**What the task requires:**
In the material below, the lines to reproduce exactly are the one containing "Some of the text" and all lines after it through the last.

**Source information:**
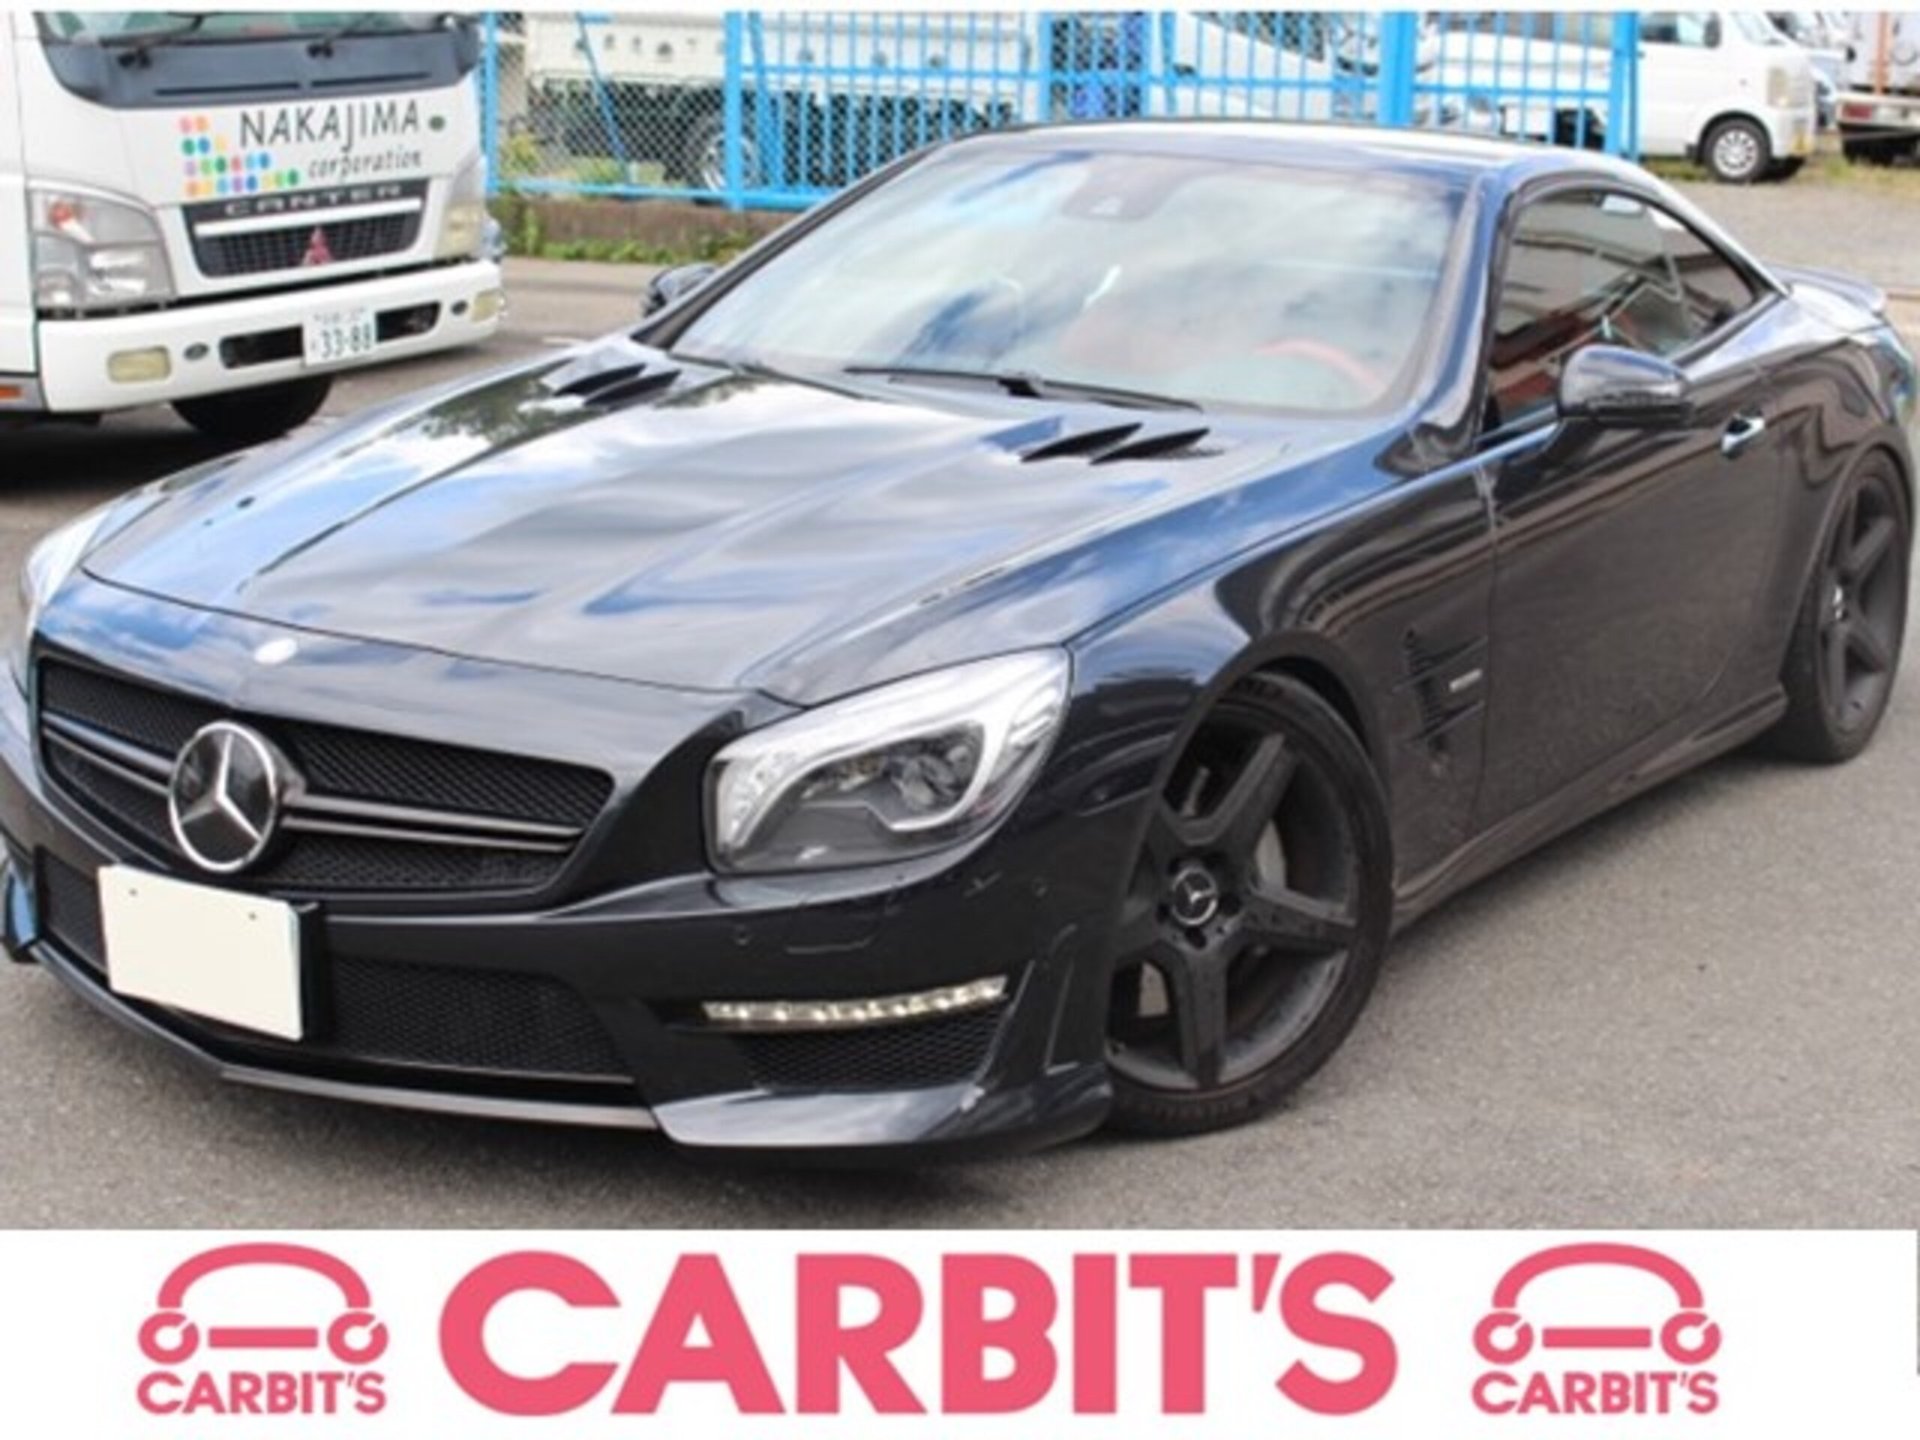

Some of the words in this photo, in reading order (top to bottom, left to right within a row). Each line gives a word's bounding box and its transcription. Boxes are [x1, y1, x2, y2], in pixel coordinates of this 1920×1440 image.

[240, 100, 420, 151] NAKAJIMA
[308, 150, 422, 182] corporation
[225, 184, 402, 217] CANTER
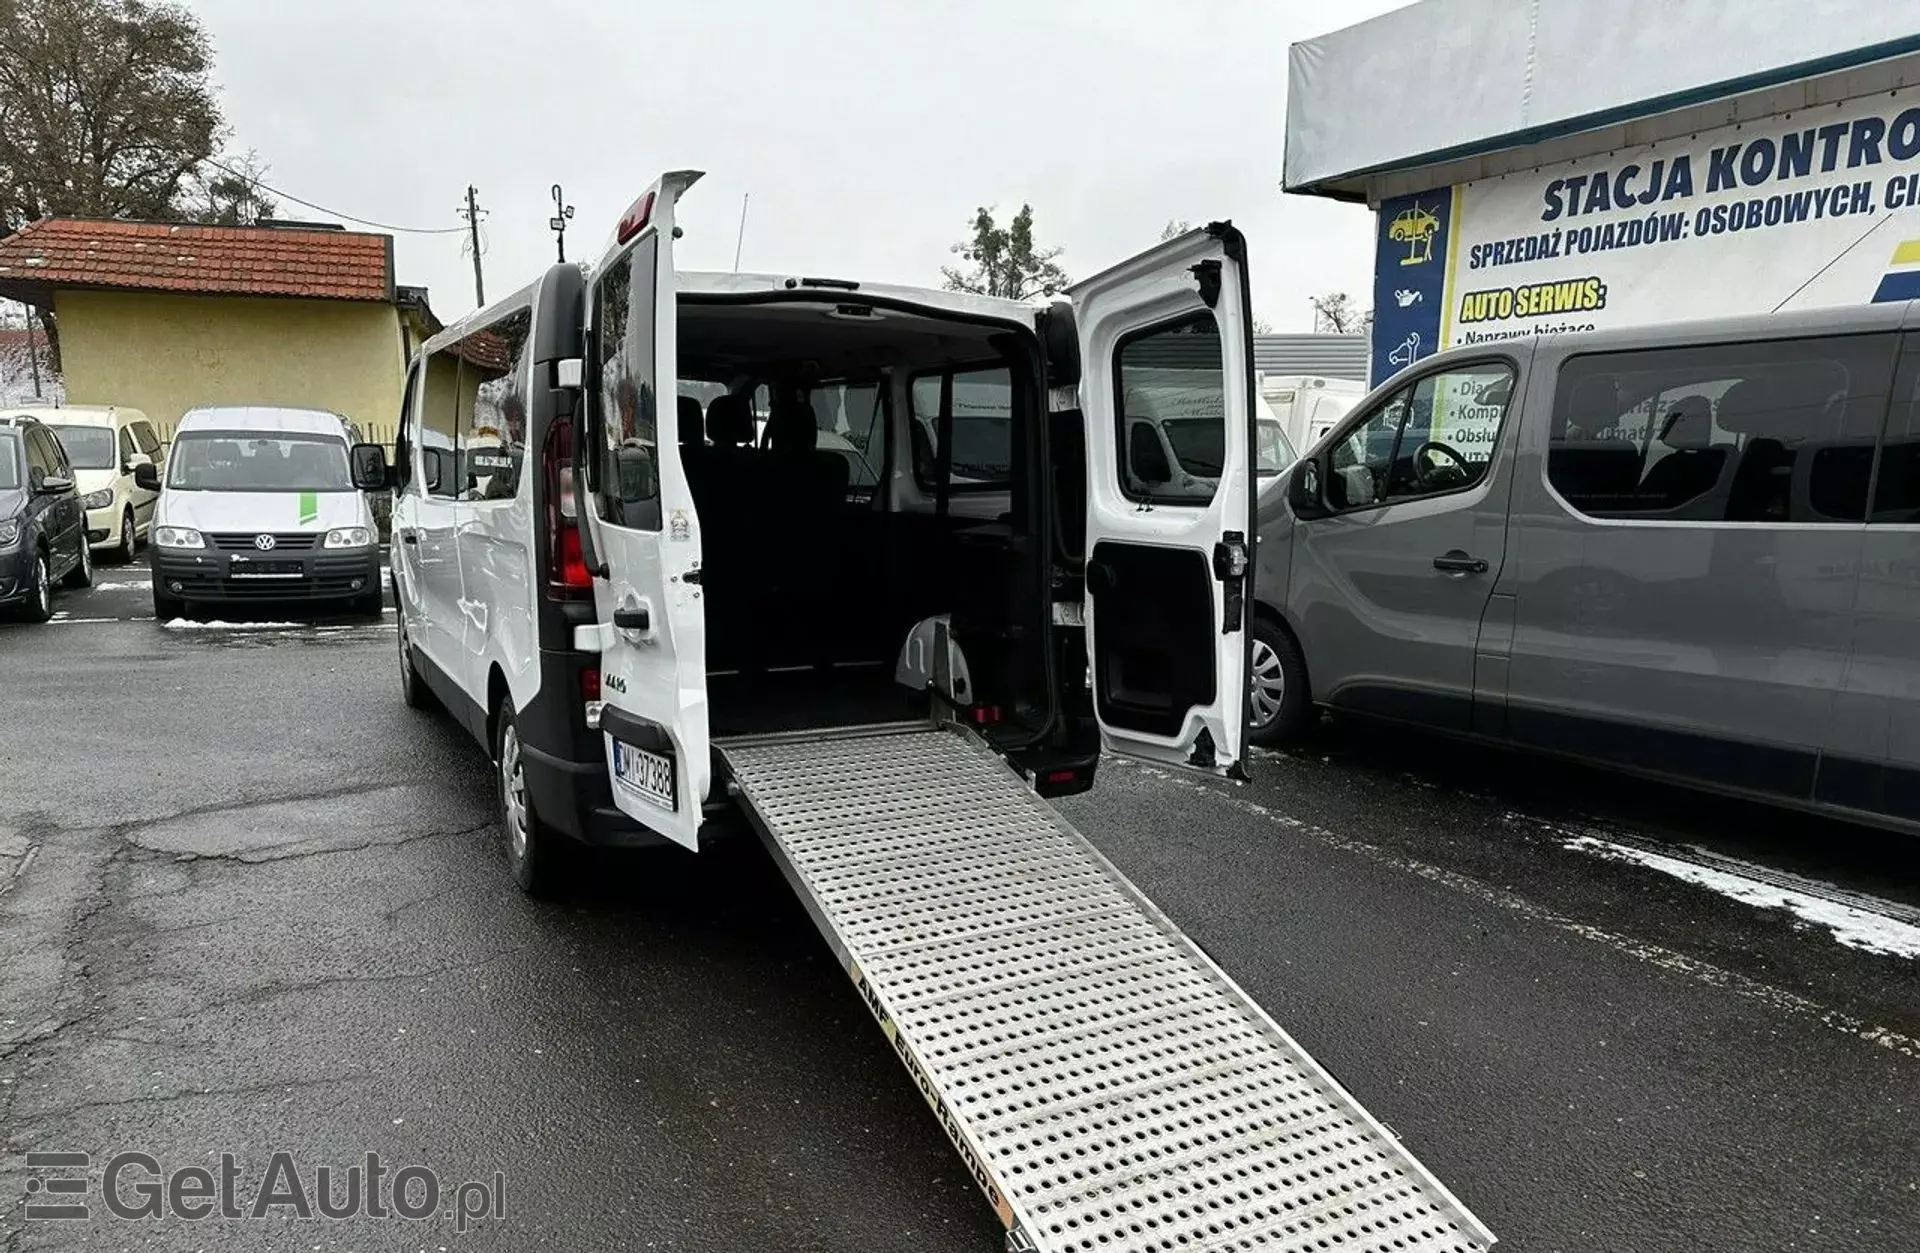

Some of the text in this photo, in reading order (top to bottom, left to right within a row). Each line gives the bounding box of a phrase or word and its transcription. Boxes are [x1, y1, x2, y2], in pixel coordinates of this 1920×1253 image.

[1541, 107, 1920, 221] STACJA KONTRO
[1470, 173, 1920, 269] SPRZEDAŻ POJAZDÓW: OSOBOWYCH, CI
[1460, 276, 1607, 323] AUTO SERWIS:

**Result:**
Some of the text in this photo, in reading order (top to bottom, left to right within a row). Each line gives the bounding box of a phrase or word and its transcription. Boxes are [x1, y1, x2, y2], in pixel coordinates of this 1920×1253 image.

[1541, 107, 1920, 221] STACJA KONTRO
[1470, 173, 1920, 269] SPRZEDAŻ POJAZDÓW: OSOBOWYCH, CI
[1460, 276, 1607, 323] AUTO SERWIS:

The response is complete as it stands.